The walkers out front and a train of bikers behind taking turns breaking trail. We went like this all through dismal swamp and right before the drop down onto the Susitna most everyone had bivied, except me Pete and Tim Bernston. None of us were tired enough to bivy and there was a thought that snow machines may have cut a trail on the river. We stopped to make a fire and use a metal pot to make more water. It took an hour and 40 minutes but we were all topped off and continued on to the Susitna. We were now 15 hours into the race breaking trail only around mile 40. We took turns breaking a deep trail until Craig Medred came through on snow machine at around noon. Once he passed at least there was a trail to follow and we made better time but it was around then we started getting passed (again) by the walkers. Lots and lots of them, all having bivied. It was laughable. We pushed on to Luces’ where we took a room had food and rested. I slept 2 hours, Pete barely slept and was ready to go around 11pm. I joined him while Tim stayed a little longer. We were finally able to ride a little bit to the Yentna checkpoint. We ate a little and then moved on hoping to ride more to Skwentna. We rode off/on off/on & tire pressure up, tire pressure down for about 3-4 miles until it was back to: 1) pushing and 2) getting passed by walkers (again) who had rested in Yenta. Arrrggghhh.
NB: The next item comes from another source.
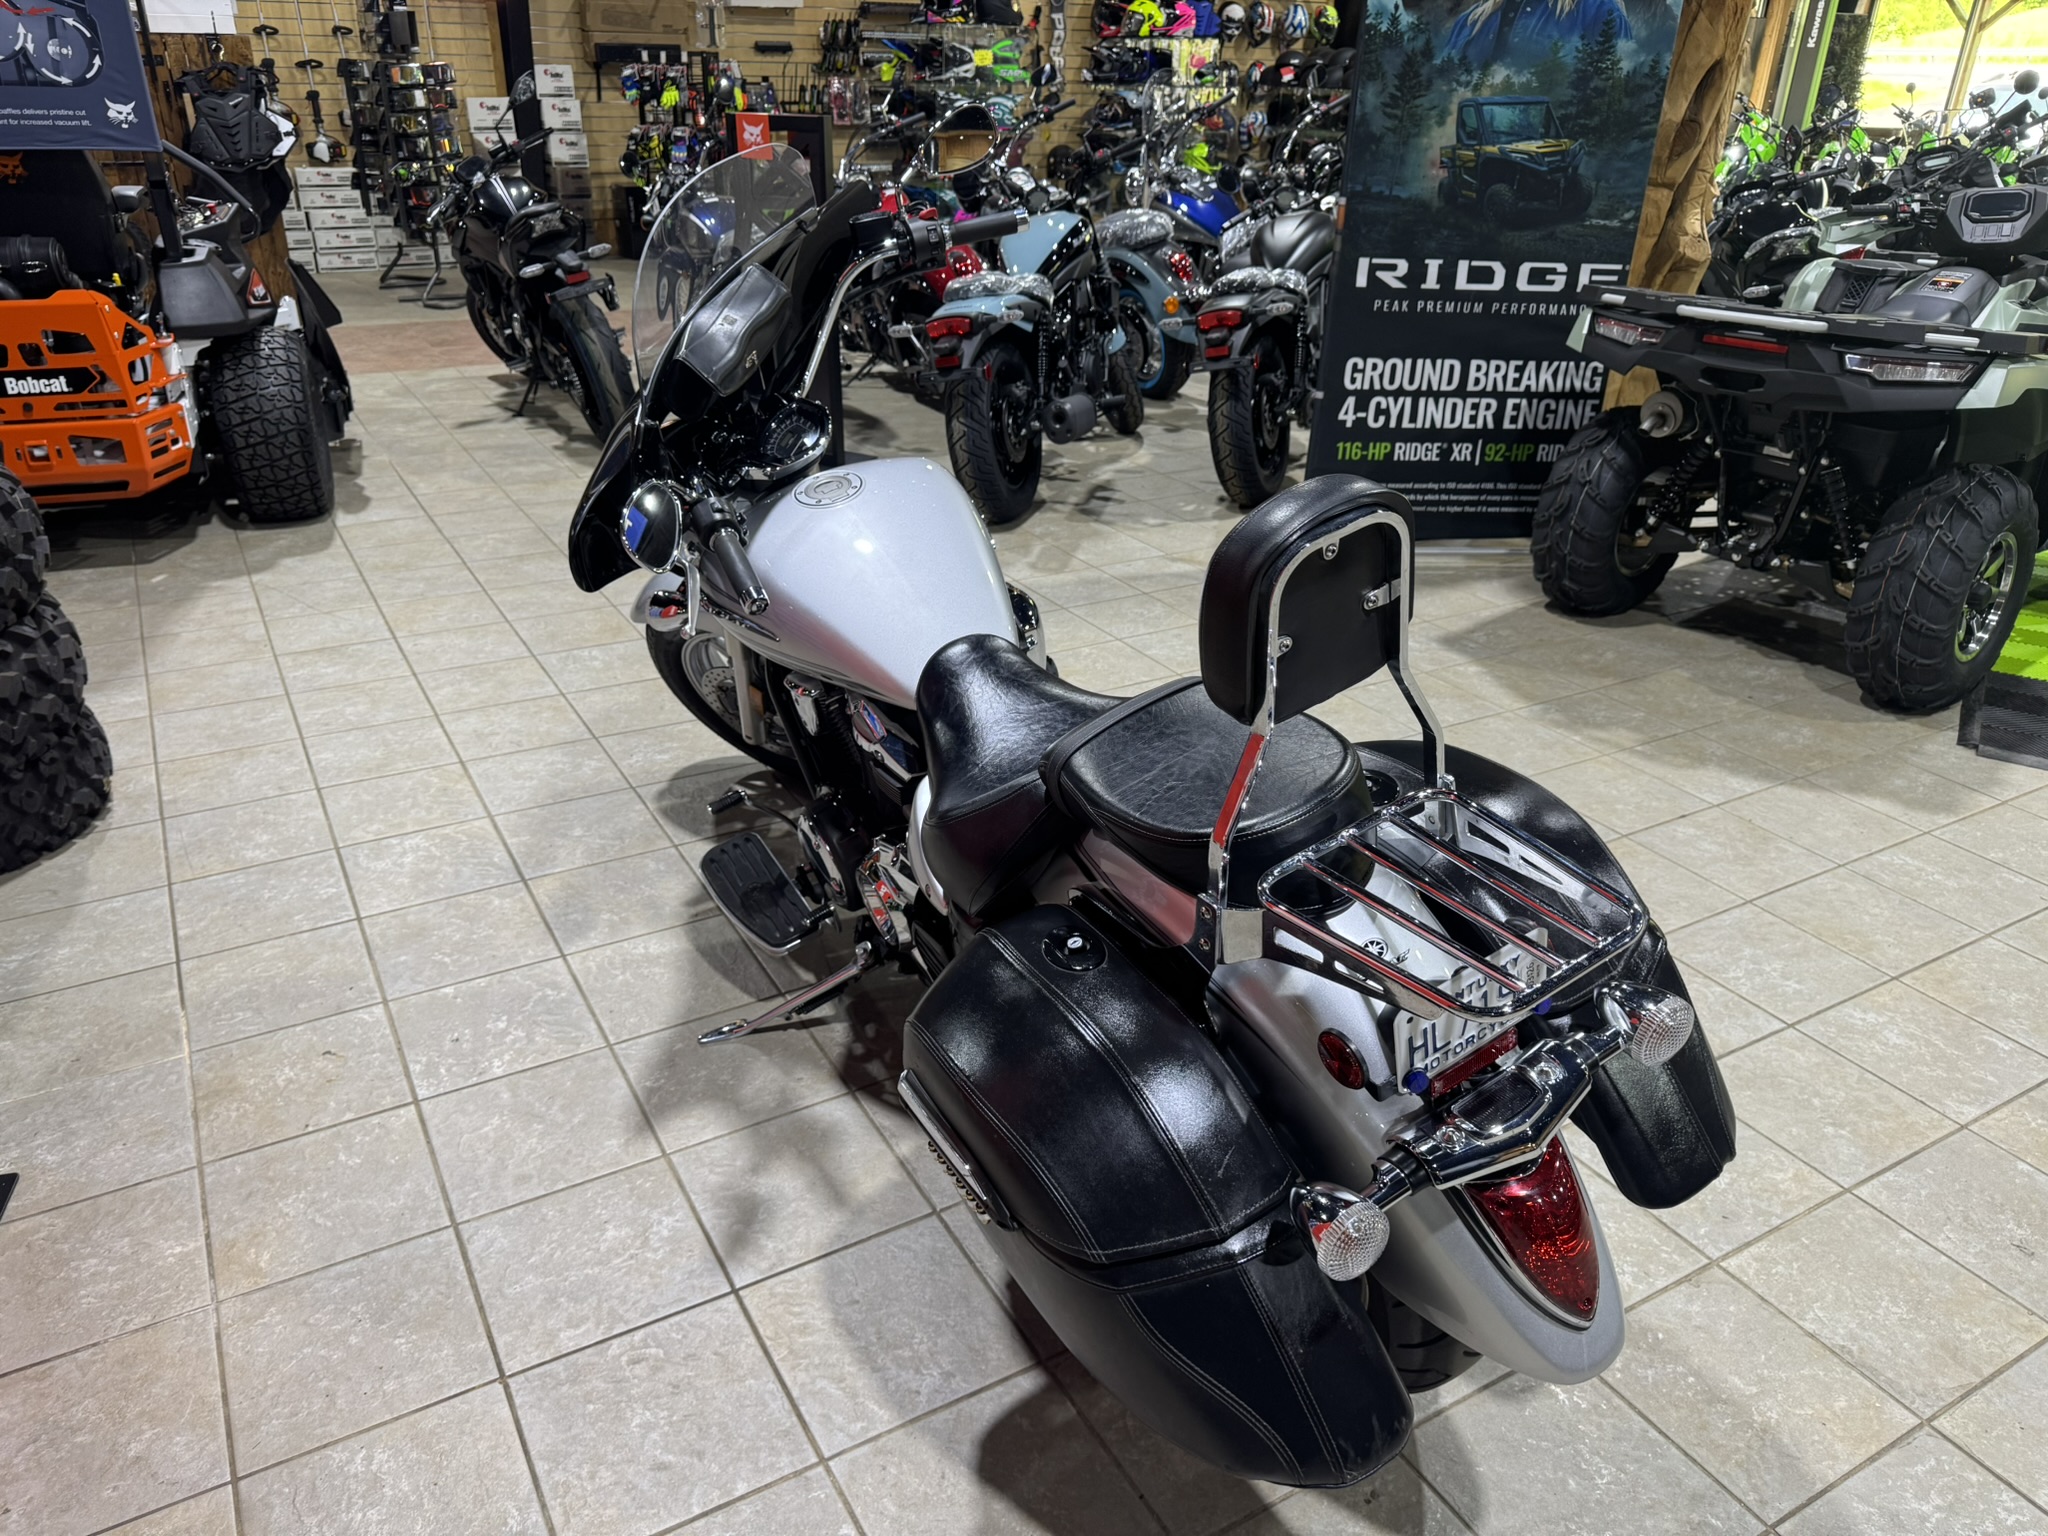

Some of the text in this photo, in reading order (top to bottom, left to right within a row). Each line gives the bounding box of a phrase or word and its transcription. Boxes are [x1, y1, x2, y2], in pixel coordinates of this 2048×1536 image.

|Here's what Hahnah drew which is an accurate depiction of my mind at this point|
Tim Bernston caught up to us by now and it was something like 4 am. We decided to do a longish bivy to get some rest since we all felt like this was counterproductive. We slept a few hours and eventually pushed to a cabin with an open invite for racers. They made soup, bread, coffee and even cookies. It was a nice warm up. Tim’s feet were blistered quite bad and he decided to stay behind. Pete and I went on and were able to ride portions of the last 10 miles to Skwenta. There we had food and were gearing up to a supposed fast trail to fingerlake, or so we heard. The tires were aired up and off we went. I should say off Pete went like a bat out of hell. Unfortunately, after a couple of miles we realized the trail was mush and it started snowing hard again. The miles of swamp to the trees was a grunt and we ended up bivying again. Eventually we made it to Shell Lake lodge to dry out and grab another cheeseburger. I had spent almost $200 in food restocking my dwindling trail food and meals I would normally ride right by. By 1pm we were on the trail, pushing. The trail had not set up and we were passed again by walkers. At about 10 miles out of fingerlake the trail, finally, was firm enough to ride and we motored into Fingerlake at around 10pm. It was now 3 and ½ days into the race and only reached the 1st drop at 130 miles. Pete won the race last year at this time.